Embracing the Fourth Industrial Revolution can yield many benefits for Michigan. These efforts will enable companies to reduce factory waste, increase supply chain efficiency and scale overall productivity as well as create opportunities for employees, stakeholders and customers.

Michigan’s revenue is expected to increase by $112 million following the implementation of Industry 4.0 technologies. 

As for those fearful of losing their jobs to robots, think again. Kelly said there are about 2 million vacant manufacturing jobs for humans, not robots, in the United States right now. This innovation will work to retain 1,542 jobs in Michigan as well as create 336 new jobs.

“The robot is what keeps us competitive in the world. The answer for America going forward is AI plus 3D printing plus robots plus humans equal unbeatable. And the human will be at the center of that equation every time,” Kelly explains.
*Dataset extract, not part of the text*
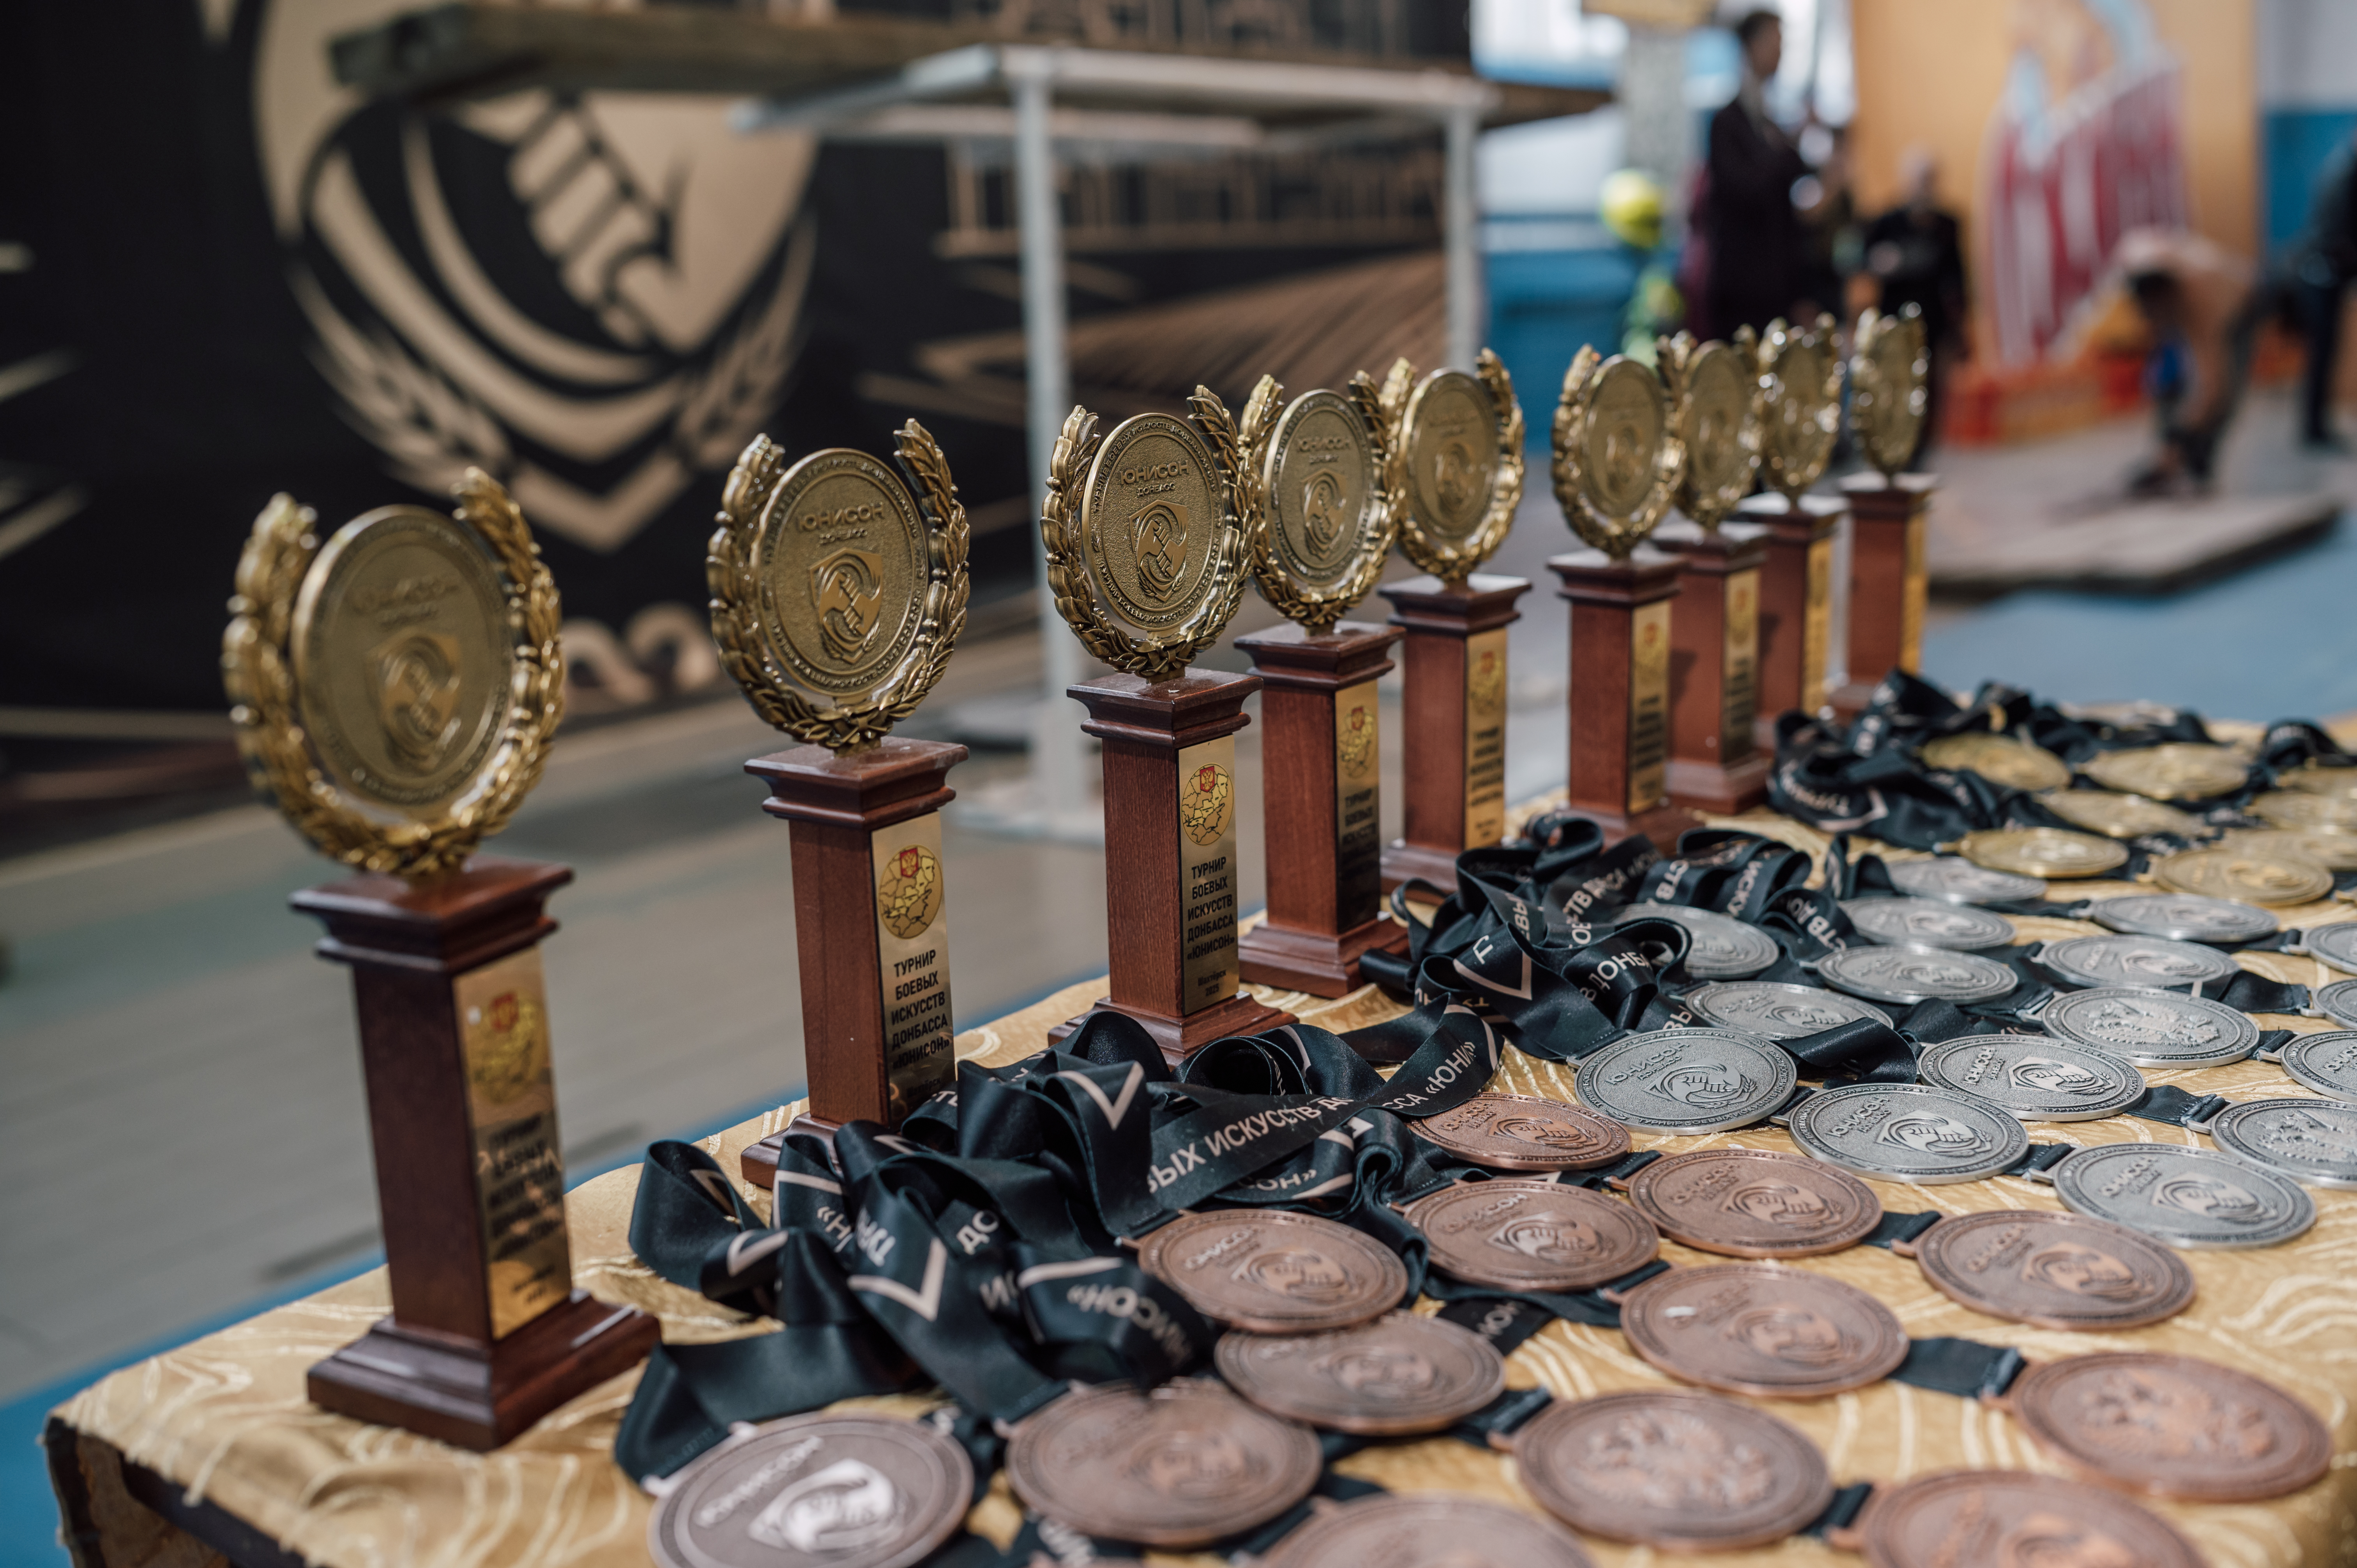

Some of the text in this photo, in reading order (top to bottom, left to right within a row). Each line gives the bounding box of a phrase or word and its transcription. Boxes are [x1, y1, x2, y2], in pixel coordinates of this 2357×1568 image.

A pivotal part of ensuring Industry 4.0 success is public-private partnerships. Automation Alley, the U.S. Center for Advanced Manufacturing, MEDC, the WEF and countless other organizations are working together to navigate this great reset.

For example, in 2014, Automation Alley announced the opening of the Automation Alley Product Lifecycle Management Center at Oakland University. This partnership is a key ally in Michigan’s efforts to grow its manufacturing talent pipeline. This collaboration provides affordable workforce training for local employees, students and individuals in product lifecycle management. The facility also features a consulting and technical services program that helps companies transition to Industry 4.0 technologies as well as a matching program that pairs students with local manufacturing companies interested in hiring employees and interns. 
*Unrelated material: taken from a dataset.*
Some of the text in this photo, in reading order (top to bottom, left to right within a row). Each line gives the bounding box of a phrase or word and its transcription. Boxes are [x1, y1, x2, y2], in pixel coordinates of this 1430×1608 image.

AdvancedManuf AP-V2-three“We [at Automation Alley] are a perfect example of a public-private partnership,” says Kelly. “The only way you can create this kind of change when you’re moving from one system to another system is you have to bring the entire community together. This Industry 4.0 project is really a reflection of what a public-private partnership looks like.”

These collaborations are crucial for the future of the advanced manufacturing workforce. Yet it’s not always easy to get everyone on board. 

“In my opinion, the biggest risk to us being successful is apathy. Fear of change, fear of the unknown. Not wanting to invest in your future and understand that you have to act now,” remarks Kelly.

Hutchison adds, “The only way you’re going to get global recognition is by doing work that’s so good and so interesting that people globally say, ‘How did they do that? I want to do that.’ ”

As history suggests, Michigan has always been ahead of the curve, boldly moving forward while the rest of the world catches up. Kelly is optimistic with his message to the world. “Stay tuned,” he says. “Because I really think [Michigan manufacturing] leadership and frontline workers are getting the message about Industry 4.0.”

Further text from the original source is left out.